Neural Markov Jump Processes
- URL: http://arxiv.org/abs/2305.19744v1
- Date: Wed, 31 May 2023 11:10:29 GMT
- Title: Neural Markov Jump Processes
- Authors: Patrick Seifner and Ramses J. Sanchez
- Abstract summary: We introduce an alternative, variational inference algorithm for Markov jump processes which relies on neural ordinary differential equations.
Our methodology learns neural, continuous-time representations of the observed data, that are used to approximate the initial distribution and time-dependent transition probability rates of the posterior Markov jump process.

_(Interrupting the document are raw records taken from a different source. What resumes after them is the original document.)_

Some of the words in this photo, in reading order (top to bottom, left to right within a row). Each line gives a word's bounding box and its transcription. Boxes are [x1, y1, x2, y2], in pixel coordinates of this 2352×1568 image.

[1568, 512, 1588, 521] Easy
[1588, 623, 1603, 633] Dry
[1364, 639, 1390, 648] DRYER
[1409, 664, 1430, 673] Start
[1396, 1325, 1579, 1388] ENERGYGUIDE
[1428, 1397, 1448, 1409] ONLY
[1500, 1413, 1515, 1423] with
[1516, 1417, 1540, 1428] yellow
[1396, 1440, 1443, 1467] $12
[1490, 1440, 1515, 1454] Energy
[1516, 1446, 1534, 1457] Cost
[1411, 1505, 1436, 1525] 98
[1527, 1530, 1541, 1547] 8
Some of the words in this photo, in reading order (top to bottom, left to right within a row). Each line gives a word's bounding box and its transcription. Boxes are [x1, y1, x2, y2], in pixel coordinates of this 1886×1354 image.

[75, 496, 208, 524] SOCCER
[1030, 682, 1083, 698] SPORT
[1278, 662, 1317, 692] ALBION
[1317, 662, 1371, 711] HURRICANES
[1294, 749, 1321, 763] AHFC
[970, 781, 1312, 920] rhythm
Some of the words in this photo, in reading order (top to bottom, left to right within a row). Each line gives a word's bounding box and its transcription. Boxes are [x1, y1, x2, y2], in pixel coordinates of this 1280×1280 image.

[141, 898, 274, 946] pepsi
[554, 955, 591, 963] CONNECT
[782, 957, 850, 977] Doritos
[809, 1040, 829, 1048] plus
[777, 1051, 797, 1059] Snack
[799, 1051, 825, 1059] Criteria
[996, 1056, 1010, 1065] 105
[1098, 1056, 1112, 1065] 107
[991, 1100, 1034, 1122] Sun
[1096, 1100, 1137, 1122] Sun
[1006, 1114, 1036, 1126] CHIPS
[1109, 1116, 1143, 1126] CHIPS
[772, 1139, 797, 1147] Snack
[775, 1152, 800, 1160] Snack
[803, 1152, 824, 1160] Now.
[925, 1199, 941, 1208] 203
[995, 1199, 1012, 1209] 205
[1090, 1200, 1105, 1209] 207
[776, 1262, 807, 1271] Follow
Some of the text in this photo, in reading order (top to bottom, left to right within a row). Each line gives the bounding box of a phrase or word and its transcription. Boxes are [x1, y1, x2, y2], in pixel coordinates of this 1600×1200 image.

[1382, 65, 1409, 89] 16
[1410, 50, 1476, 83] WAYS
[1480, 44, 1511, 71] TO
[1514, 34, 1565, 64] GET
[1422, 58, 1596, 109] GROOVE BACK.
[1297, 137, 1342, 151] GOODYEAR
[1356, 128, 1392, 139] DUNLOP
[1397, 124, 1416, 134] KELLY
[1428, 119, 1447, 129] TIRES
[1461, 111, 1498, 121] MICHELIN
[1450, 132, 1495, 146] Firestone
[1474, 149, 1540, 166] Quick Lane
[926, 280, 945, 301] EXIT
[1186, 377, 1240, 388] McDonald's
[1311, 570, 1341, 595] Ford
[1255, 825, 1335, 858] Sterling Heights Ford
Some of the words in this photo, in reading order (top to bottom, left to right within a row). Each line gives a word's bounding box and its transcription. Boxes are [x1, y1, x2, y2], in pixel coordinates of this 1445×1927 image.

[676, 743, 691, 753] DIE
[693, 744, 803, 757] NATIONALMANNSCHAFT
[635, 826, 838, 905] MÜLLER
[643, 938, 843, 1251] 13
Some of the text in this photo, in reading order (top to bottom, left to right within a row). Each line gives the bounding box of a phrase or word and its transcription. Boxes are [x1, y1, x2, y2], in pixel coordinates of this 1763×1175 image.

We test our approach on synthetic data sampled from ground-truth Markov jump processes, experimental switching ion channel data and molecular dynamics simulations.
- Score: 0.0
- License: http://creativecommons.org/licenses/by/4.0/
- Abstract: Markov jump processes are continuous-time stochastic processes with a wide
range of applications in both natural and social sciences. Despite their
widespread use, inference in these models is highly non-trivial and typically
proceeds via either Monte Carlo or expectation-maximization methods. In this
work we introduce an alternative, variational inference algorithm for Markov
jump processes which relies on neural ordinary differential equations, and is
trainable via back-propagation. Our methodology learns neural, continuous-time
representations of the observed data, that are used to approximate the initial
distribution and time-dependent transition probability rates of the posterior
Markov jump process. The time-independent rates of the prior process are in
contrast trained akin to generative adversarial networks. We test our approach
on synthetic data sampled from ground-truth Markov jump processes, experimental
switching ion channel data and molecular dynamics simulations. Source code to
reproduce our experiments is available online.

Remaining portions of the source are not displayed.